We were literally walking out the door, at 8:05 am, when Lia turns and darts for the bathroom. How did she not notice the urge anytime during the previous 15 minutes? All momentum is lost. Finally, we get out and zoom over to the school, determined to make it through the side gate before it is locked. Lia notices her friends crossing the street at the traffic light and wants to dash for the intersection to join them. I scoop up Etan, his bulldozer, my keys, Lia's backpack, her sweater, and lope towards the light. Apparently I grabbed the wrong miniature vehicle, for Etan is screaming and making his 25 lb body lax as a lox. I put him down for a second, unable to manage all my bundles, and he tries to cross the very busy street back to our car, site of the truly desired toy.
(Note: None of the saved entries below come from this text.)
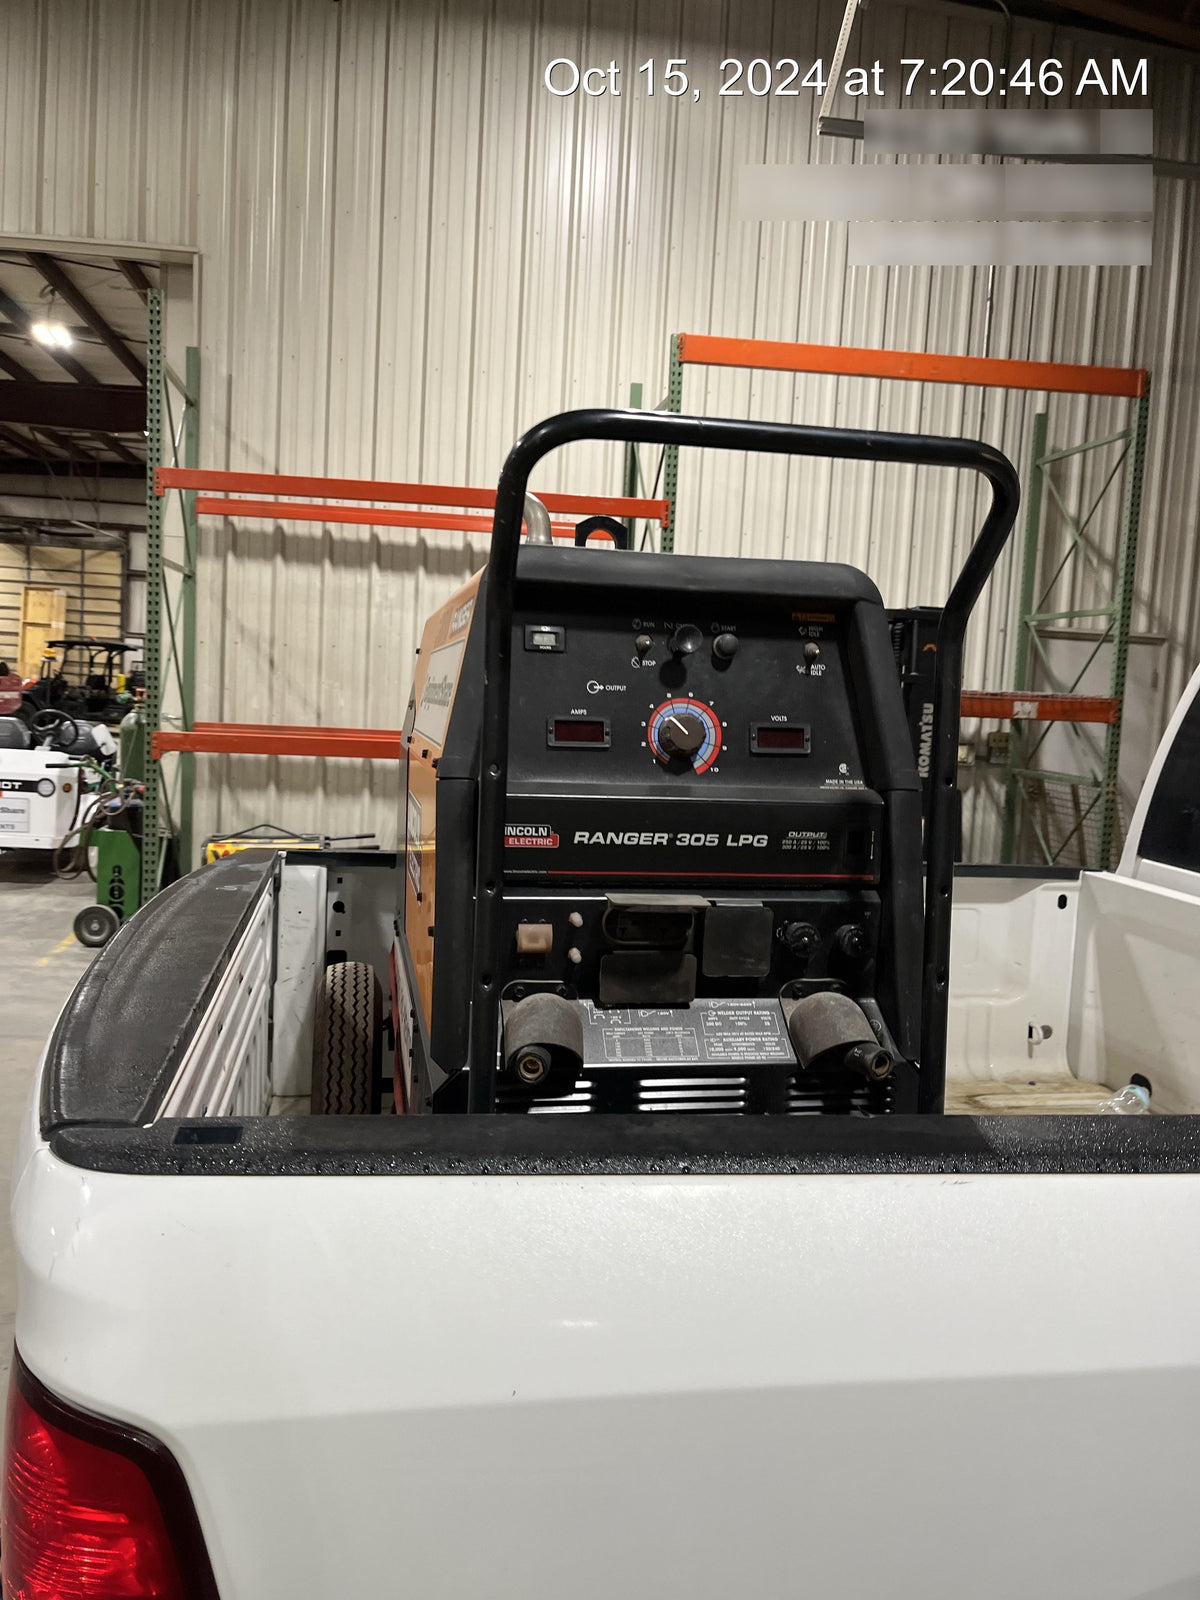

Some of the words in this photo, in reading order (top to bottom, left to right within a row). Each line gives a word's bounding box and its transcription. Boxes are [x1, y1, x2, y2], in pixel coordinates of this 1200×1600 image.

[605, 684, 627, 692] OUTPUT
[770, 714, 788, 722] VOLTS
[918, 702, 935, 779] KOMATSU
[0, 781, 23, 790] OT
[504, 826, 548, 837] INCOLN
[788, 831, 824, 839] OUTPUT
[508, 837, 553, 846] ELECTRIC
[573, 831, 669, 846] RANGER
[675, 833, 720, 847] 305
[726, 834, 769, 848] LPG
Meanwhile Lia is running ahead towards the now locked gate. "Pick up your backpack!" I shriek. "I can't carry all this stuff myself!" Of course she won't and doesn't and now Etan is lying on his back on the sidewalk by the school buses, screaming. The driver is making sympathetic comments, but I cannot hear them. Lia is yelling at me to hurry up. I decide that I need to have a meltdown too and start screaming. I compose myself and stuff some crap into the backpack, pick up Etan, and start punting the backpack ahead of me like a soccer ball.
As we near the kindergarten gate, I decide, for efficiency sake, to just hurl it over the top and retrieve it when we come around from the other side, for now we have to go in a longer, back way. Now Lia is screaming and sobbing repeatedly, "I want my backpack! I want my backpack!" So I have to push her around and towards the entrance and I'm practically dragging Etan and finally enter the kindergarten yard where Lia stands still while crying for her backpack and my younger one is screaming. Out of the corners of my eyes, I perceive other adults assessing the situation, either breathing a sigh of relief that isn't their child, or wondering how Child Protective Services lets me parent without supervision. Within moments, everyone is settled as if we'd just sauntered into class with nary a quibble. It's 8:15 am, and I am exhausted.